À partir des années 1920, Cartier Paris a produit une série d'étuis décoratifs destinés à contenir des cosmétiques (poudriers, rouges à lèvres, un petit miroir) qui étaient conçus et fabriqués selon les mêmes standards que les bijoux de la Maison. Ces objets sont maintenant collectivement décrits comme des nécessaires de beauté, bien qu'ils aient été connus sous divers noms à l'époque, et ils représentent l'un des engagements les plus soutenus de Cartier avec la tradition des arts décoratifs de l'objet de luxe.
Les étuis étaient généralement assez petits pour tenir dans un sac de soirée ou être tenus confortablement dans une main. Leurs extérieurs s'inspiraient des mêmes sources visuelles que celles utilisées par les designers de Cartier pour les bijoux de la même période: la laque chinoise, les carreaux persans, les motifs égyptiens, les arts décoratifs japonais. Un exemple d'inspiration chinoise des années 1920 pourrait combiner un extérieur laqué avec des bordures en émail vert jade et un fermoir serti d'un cabochon d'émeraude. Faites glisser le fermoir et l'intérieur s'ouvre à ressort pour révéler des compartiments à poudre ajustés et un porte-rouge à lèvres sur un mécanisme à ressort qui se soulève utilement à l'ouverture de l'étui. Certains panneaux portaient des scènes en émail en grisaille, des compositions peintes monochromes qui conféraient une qualité formelle, semblable à celle d'un camée, à la décoration du couvercle.
L'ingénierie de l'intérieur n'était pas une réflexion après coup. Les compartiments étaient façonnés pour s'adapter précisément aux éléments cosmétiques. Les mécanismes à ressort étaient calibrés pour élever le porte-rouge à lèvres à la bonne hauteur. Les charnières et les loquets étaient faits pour se fermer à fleur afin que l'extérieur apparaisse comme une surface décorative cohérente. C'était de l'ingénierie miniature appliquée à un objet fonctionnel, et cela nécessitait le même type d'investissement artisanal que les bijoux provenant des mêmes ateliers.

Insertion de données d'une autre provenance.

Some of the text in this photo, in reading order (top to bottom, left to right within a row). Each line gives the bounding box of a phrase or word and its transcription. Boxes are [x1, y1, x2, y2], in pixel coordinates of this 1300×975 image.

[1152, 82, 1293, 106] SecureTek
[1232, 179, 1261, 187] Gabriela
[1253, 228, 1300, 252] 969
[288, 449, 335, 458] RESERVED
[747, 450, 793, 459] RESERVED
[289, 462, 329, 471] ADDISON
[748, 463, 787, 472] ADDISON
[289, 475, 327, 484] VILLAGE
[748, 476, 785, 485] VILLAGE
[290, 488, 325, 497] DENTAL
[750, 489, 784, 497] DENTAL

Les sources visuelles pour les étuis ont été rassemblées par Jacques Cartier et Louis Cartier grâce à de nombreux voyages et collections. Jacques, en particulier, a rapporté de la laque, des textiles, des sculptures et des livres illustrés d'Inde, de Chine et de Perse qui sont devenus des matériaux de référence pour le studio de design. Les nécessaires de beauté d'inspiration chinoise sont un produit direct de cet approvisionnement, les designs des extérieurs suivant de près les motifs décoratifs de la laque chinoise et des textiles de soie que la Maison avait acquis.
Parmi les ateliers spécialisés qui ont fourni ces objets, Strauss, Allard et Meyer est devenu une source principale d'étuis en laque et de chinoiseries pour Cartier New York à partir de 1912, tandis que Verger Frères a produit à la fois des écrins à bijoux et des boîtiers d'horloge pour la Maison.
Les nécessaires de beauté Cartier de cette période apparaissent régulièrement dans les grandes ventes aux enchères de bijoux. Leur valeur dépend de la qualité de la décoration extérieure, de l'exhaustivité des aménagements intérieurs et de l'état du travail d'émail et de laque, qui est susceptible de s'endommager aux bords et aux charnières.
Sources
- Francesca Cartier Brickell, The Cartiers (Ballantine Books, 2019), chap. 5 («Pierres Paris : Début des années 1920») et chap. 10 («Cousins dans l'austérité, 1945–1956»)
- Hans Nadelhoffer, Cartier: Jewelers Extraordinary (Thames and Hudson, 1984; édition révisée 2007), cité pp. 147, 149 et al.